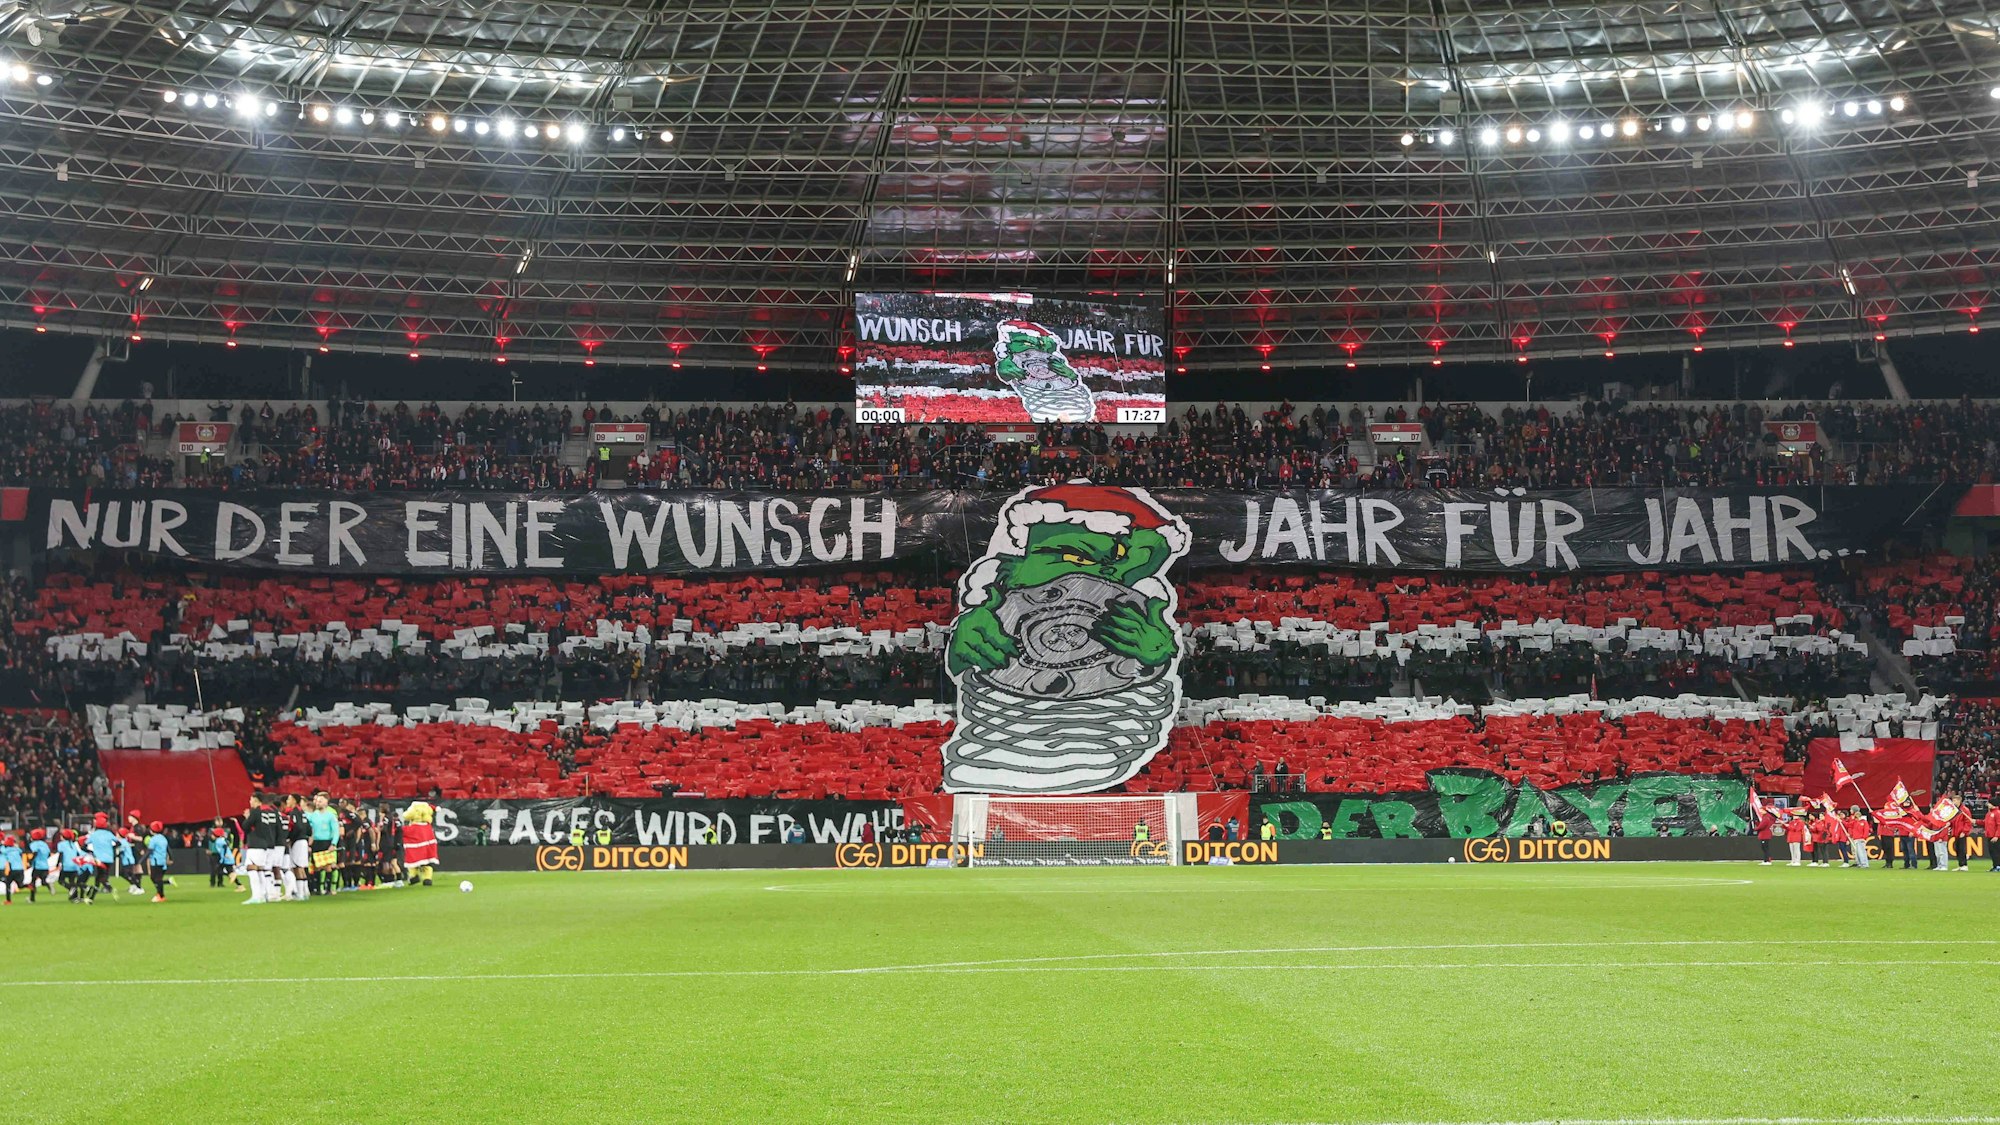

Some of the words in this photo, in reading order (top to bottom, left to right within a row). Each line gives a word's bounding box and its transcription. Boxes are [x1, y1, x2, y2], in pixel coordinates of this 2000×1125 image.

[857, 315, 962, 342] WUNSCH
[1061, 329, 1115, 353] JAHR
[1124, 329, 1164, 357] FÜR
[861, 410, 900, 421] 00:00
[1125, 410, 1160, 421] 17:27
[596, 433, 605, 441] D9
[635, 433, 644, 441] D9
[1411, 433, 1419, 441] D7
[46, 498, 190, 556] NUR
[214, 500, 368, 566] DER
[404, 501, 566, 570] EINE
[600, 497, 897, 569] WUNSCH
[1218, 497, 1404, 566] JAHR
[1443, 487, 1584, 571] FÜR
[1261, 799, 1425, 839] DER
[1431, 774, 1750, 838] BAYER
[594, 847, 687, 868] DITCON
[1186, 841, 1278, 863] DITCON
[1519, 839, 1610, 860] DITCON
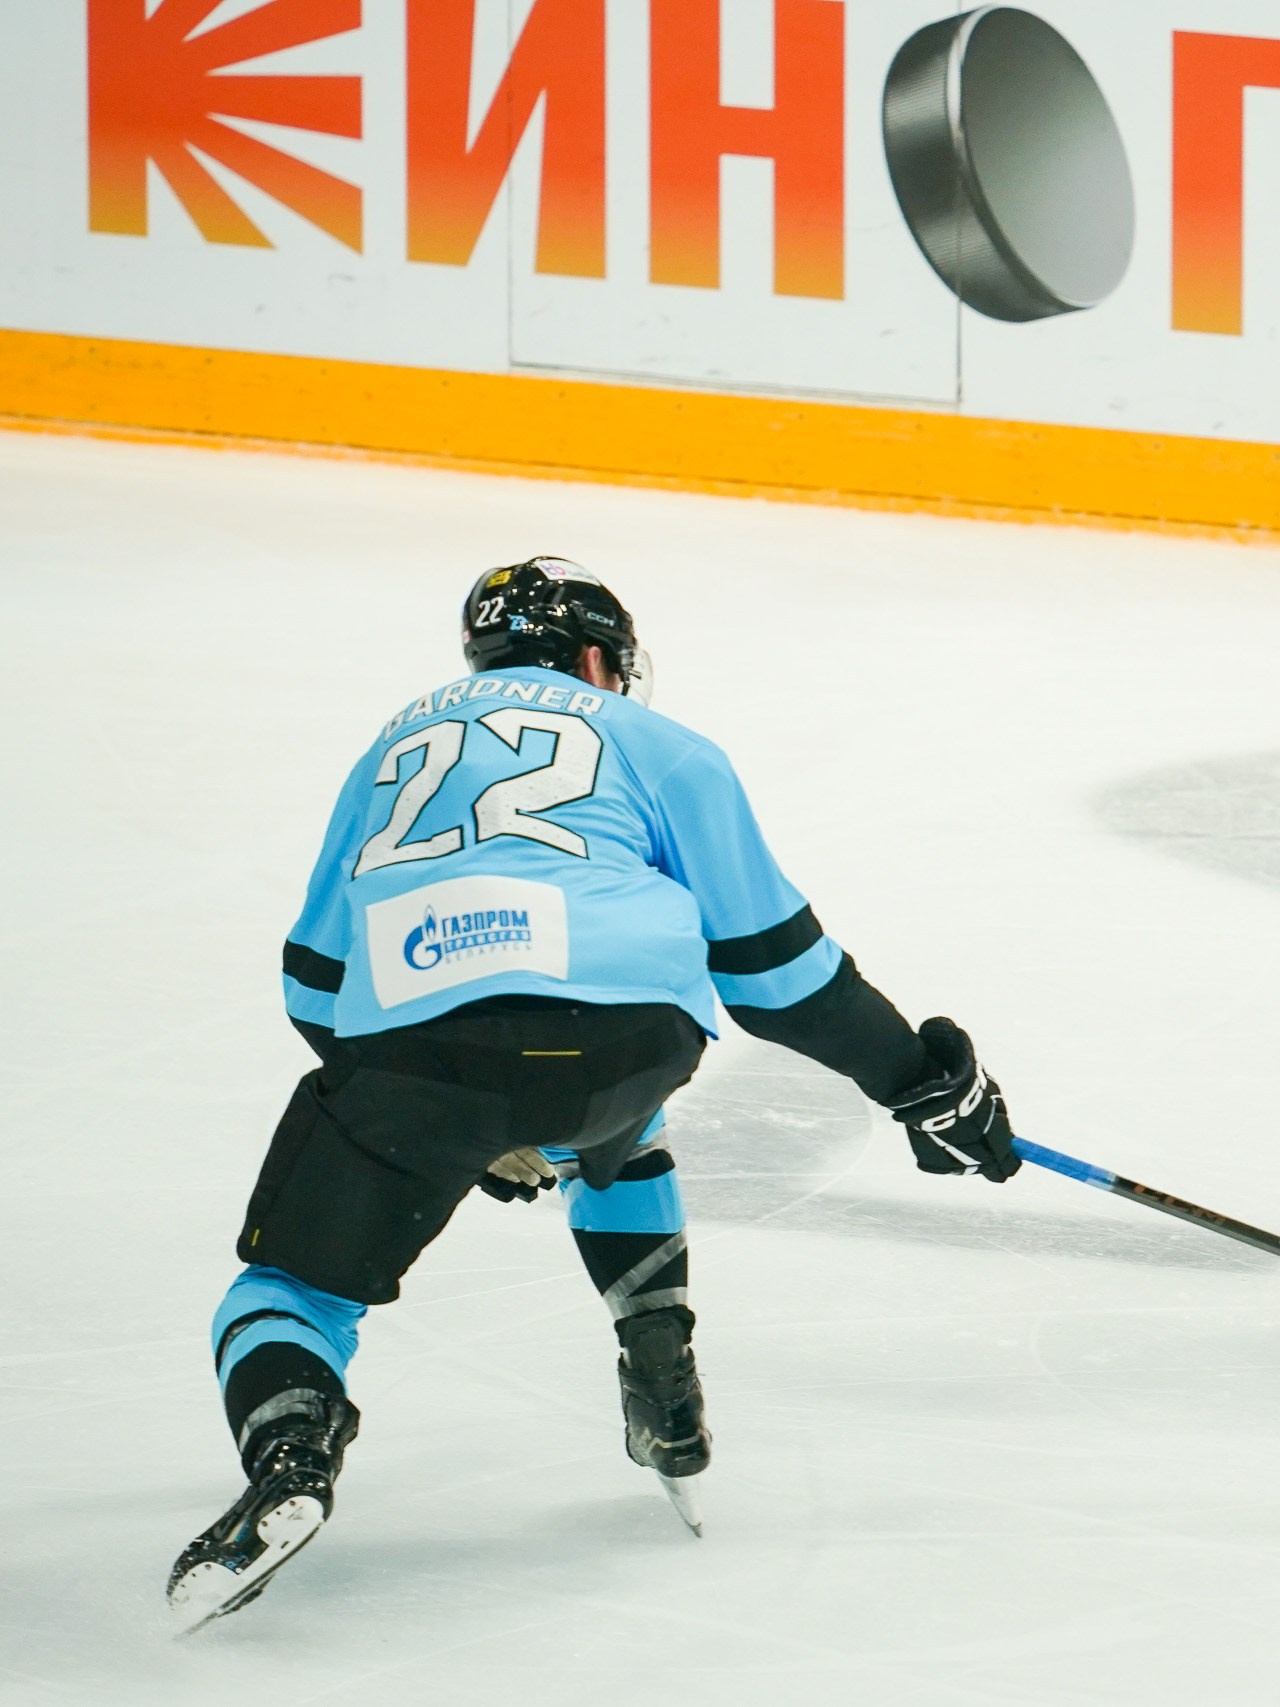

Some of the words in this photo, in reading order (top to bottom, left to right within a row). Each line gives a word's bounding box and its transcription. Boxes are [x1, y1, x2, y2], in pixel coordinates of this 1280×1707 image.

[475, 596, 506, 628] 22
[384, 678, 605, 742] GARDNER
[352, 706, 604, 881] 22
[441, 909, 530, 938] ГАЗПРОМ
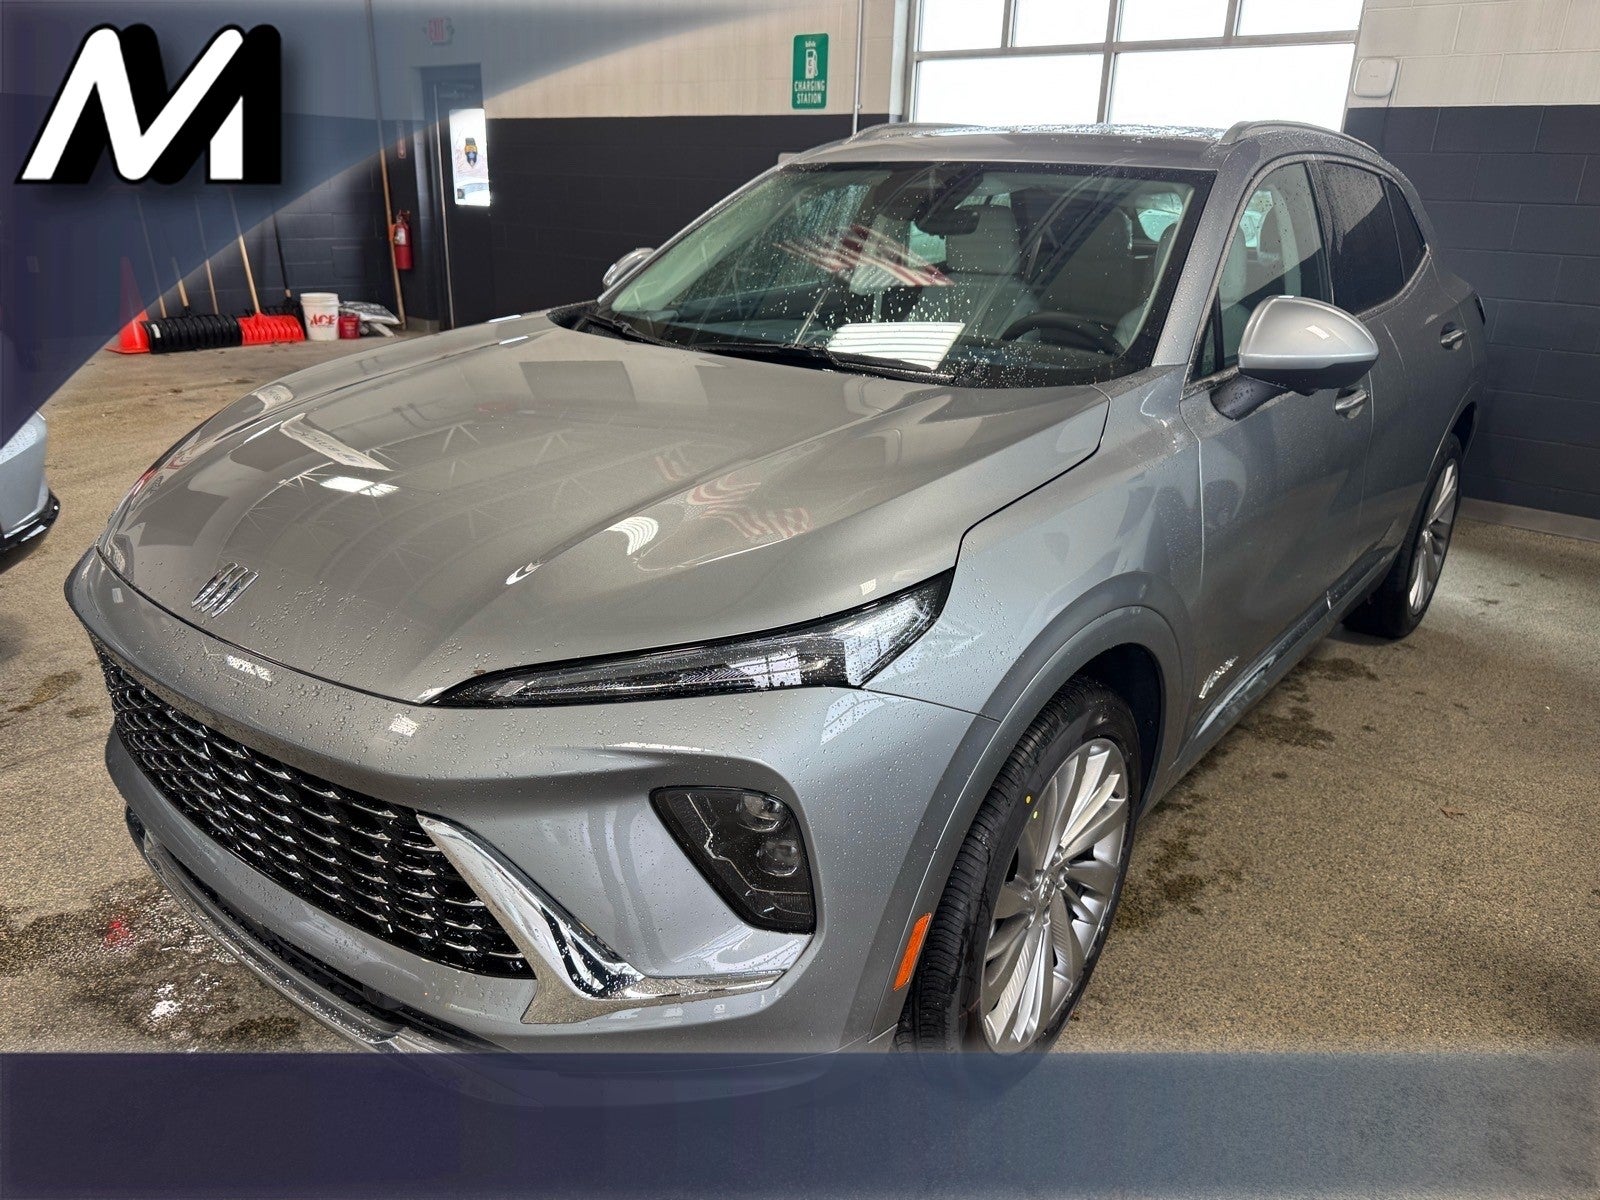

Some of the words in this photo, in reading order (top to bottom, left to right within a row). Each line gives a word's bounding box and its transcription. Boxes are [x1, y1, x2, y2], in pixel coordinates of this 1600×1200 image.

◆ TASK: Repeat the records above word for word. Pictures stay out of the copy.

◆ ANSWER TO THIS EXERCISE:
Some of the words in this photo, in reading order (top to bottom, left to right within a row). Each line gives a word's bounding box and its transcription. Boxes are [x1, y1, x2, y2], in pixel coordinates of this 2000×1125 image.

[857, 315, 962, 342] WUNSCH
[1061, 329, 1115, 353] JAHR
[1124, 329, 1164, 357] FÜR
[861, 410, 900, 421] 00:00
[1125, 410, 1160, 421] 17:27
[596, 433, 605, 441] D9
[635, 433, 644, 441] D9
[1411, 433, 1419, 441] D7
[46, 498, 190, 556] NUR
[214, 500, 368, 566] DER
[404, 501, 566, 570] EINE
[600, 497, 897, 569] WUNSCH
[1218, 497, 1404, 566] JAHR
[1443, 487, 1584, 571] FÜR
[1261, 799, 1425, 839] DER
[1431, 774, 1750, 838] BAYER
[594, 847, 687, 868] DITCON
[1186, 841, 1278, 863] DITCON
[1519, 839, 1610, 860] DITCON

Some of the words in this photo, in reading order (top to bottom, left to right within a row). Each line gives a word's bounding box and its transcription. Boxes are [x1, y1, x2, y2], in pixel coordinates of this 1280×1707 image.

[475, 596, 506, 628] 22
[384, 678, 605, 742] GARDNER
[352, 706, 604, 881] 22
[441, 909, 530, 938] ГАЗПРОМ

Some of the words in this photo, in reading order (top to bottom, left to right within a row). Each line gives a word's bounding box and its transcription. Boxes are [x1, y1, x2, y2], in pixel coordinates of this 1600×1200 image.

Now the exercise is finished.